Tale prassi è chiaramente assunta in violazione di legge, e viola altresì le nostre prerogative.
Un esempio di ciò è la prassi di pretendere che gli amministratori depositino l’accettazione di carica con un documento da loro firmato in modalità digitale. Prassi che oltre a quanto sopra segnalato, spesso si risolve in modo difficoltoso e con ritardi rispetto alle esigenze aziendali: se l’amministratore fosse non residente o comunque non disponesse del dispositivo di firma digitale, sarebbe impossibilitato ad espletare tale onere (che peraltro è suo dovere rispettare in tempi ristretti) sinché non ottiene un dispositivo di firma digitale.
A conferma della illegalità della pretesa, osservo come la sentenza del Tribunale di Bologna n. 165/2023 commentata su Eutekne.info (si veda “Rischi elevati per gli amministratori anche in assenza di deleghe” del 26 maggio 2023) ha stabilito che l’accettazione della carica può essere validamente assunta anche in modalità tacita.
Urge un richiamo immediato del Ministero competente affinché tali prassi vengano adeguate nel rispetto delle disposizioni di legge.

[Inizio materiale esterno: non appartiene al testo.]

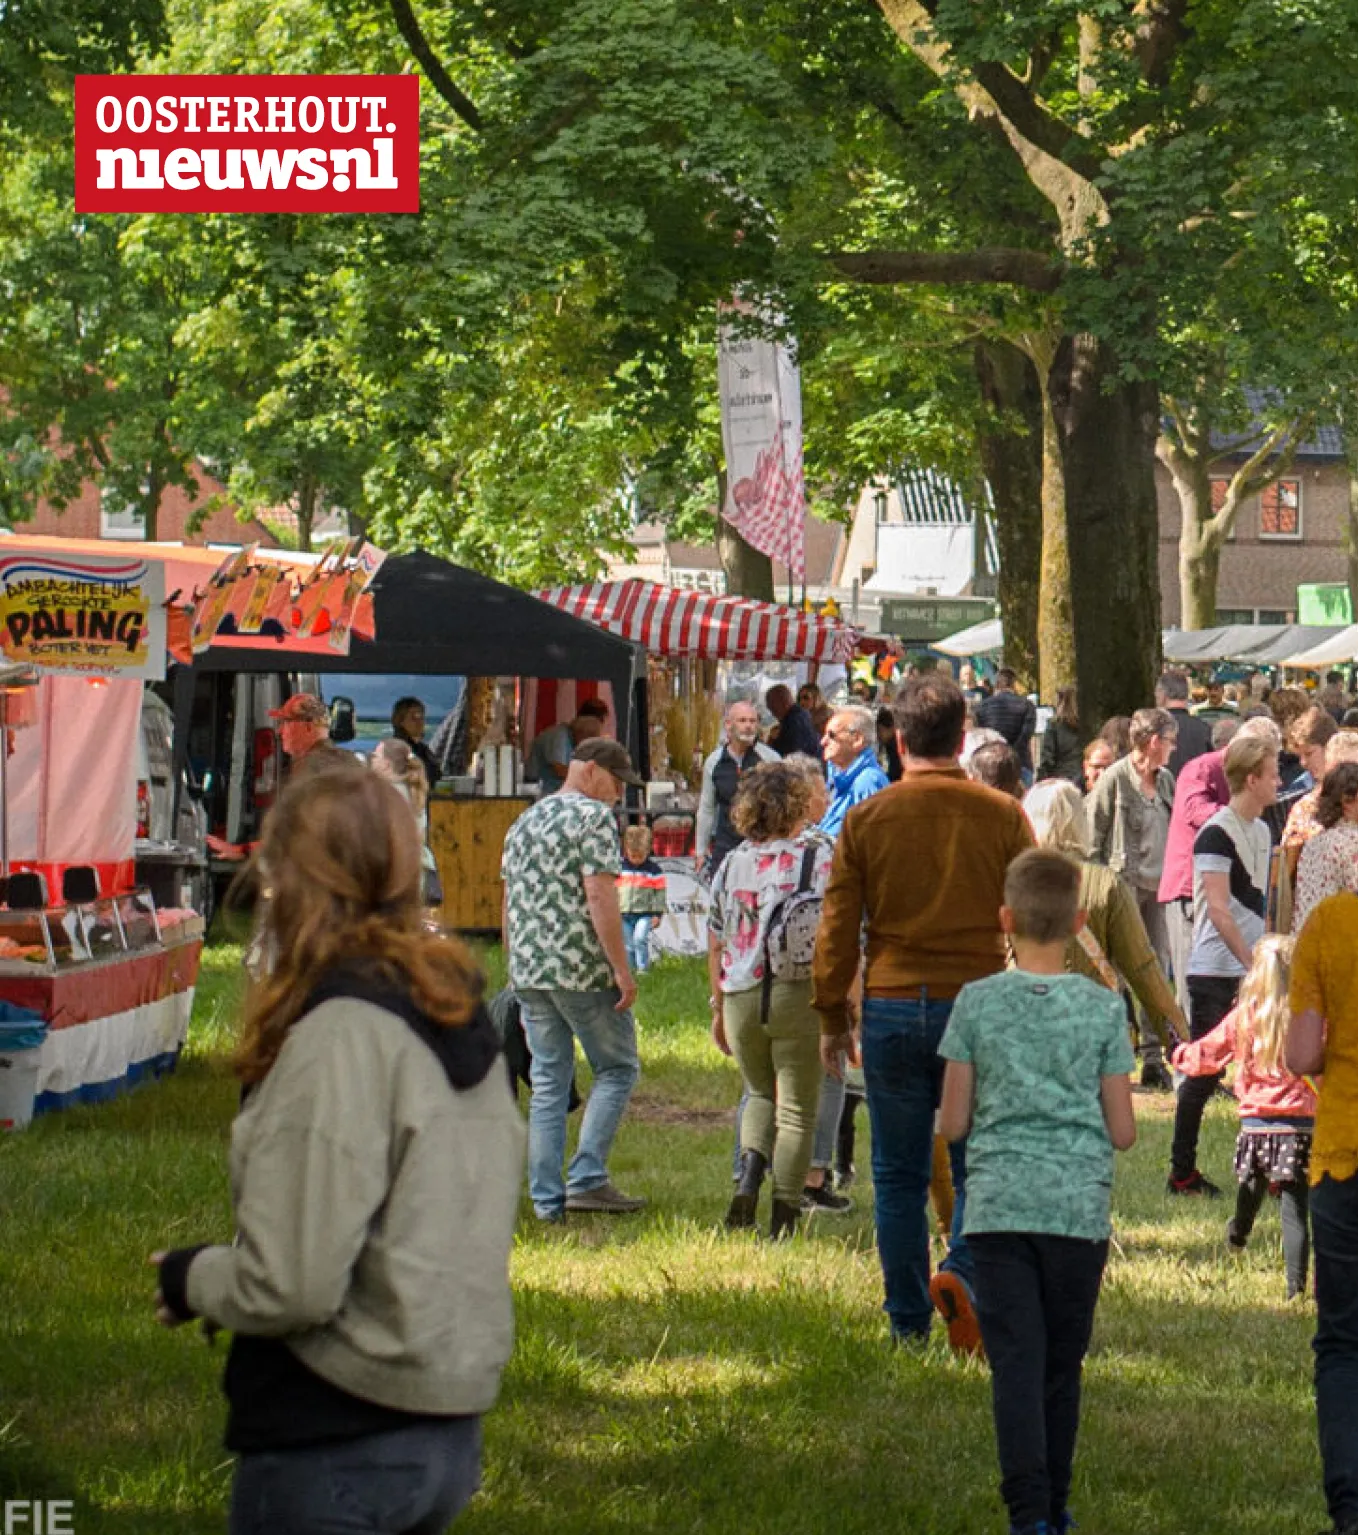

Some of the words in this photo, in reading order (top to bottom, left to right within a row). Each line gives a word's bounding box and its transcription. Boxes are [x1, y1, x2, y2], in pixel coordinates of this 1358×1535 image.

[6, 578, 141, 598] AMBACHTELIJK
[26, 593, 112, 610] GEROOKTE
[6, 608, 144, 652] PALING

Aggiungo, per quanto occorrer possa, che a differenza di quanto faccia comodo ritenere agli organi della P.A., la firma digitale non è affatto un metodo di firma intrinsecamente più sicuro della firma autografa.

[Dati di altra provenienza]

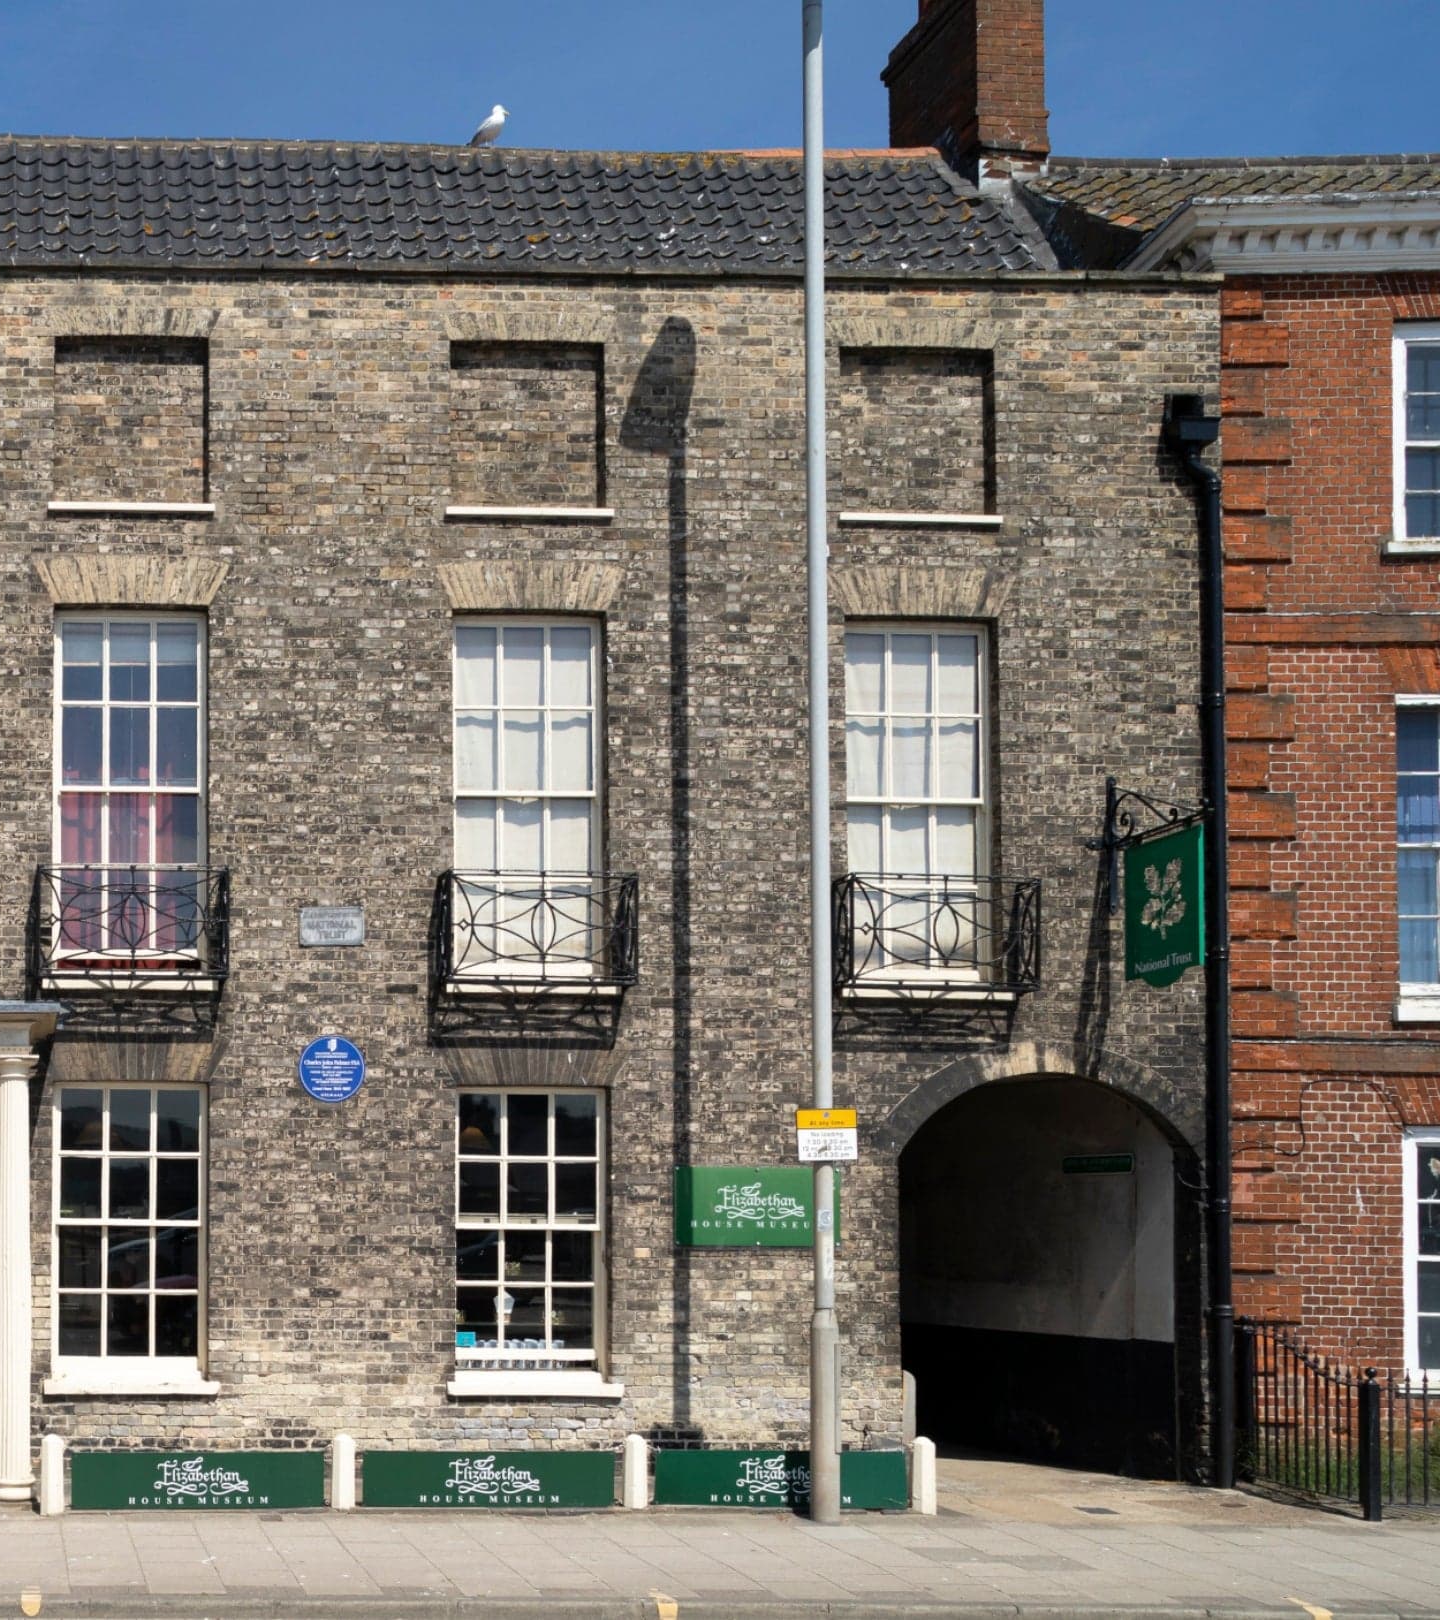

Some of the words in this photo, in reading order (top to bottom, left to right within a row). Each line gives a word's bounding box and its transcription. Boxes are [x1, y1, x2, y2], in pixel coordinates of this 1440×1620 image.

[1134, 953, 1169, 975] National
[1171, 952, 1192, 966] Trust
[714, 1182, 805, 1219] Elizabethan
[691, 1220, 743, 1229] HOUSE
[756, 1220, 810, 1229] MUSEU
[154, 1456, 249, 1495] Elizabethan
[445, 1455, 540, 1493] Elizabethan
[128, 1496, 185, 1505] HOUSE
[197, 1496, 269, 1505] MUSEUM
[419, 1495, 476, 1503] HOUSE
[489, 1495, 560, 1503] MUSEUM
[710, 1494, 767, 1502] HOUSE

Proprio come si precisa nella sentenza citata, le firme autografe possono essere analizzate dal perito sì da confermarne l’autenticità. Diversamente le firme digitali si presumono attribuite al firmatario, quand’anche non fosse stato lui personalmente ad utilizzarla e/o a digitare il “PIN” ad essa associato. Sicché, ad esempio, se la firma digitale apposta sul documento “accettazione di carica” venisse apposta da un Commercialista e non dal soggetto obbligato, apparirebbe “certa” pur essendo “falsa”.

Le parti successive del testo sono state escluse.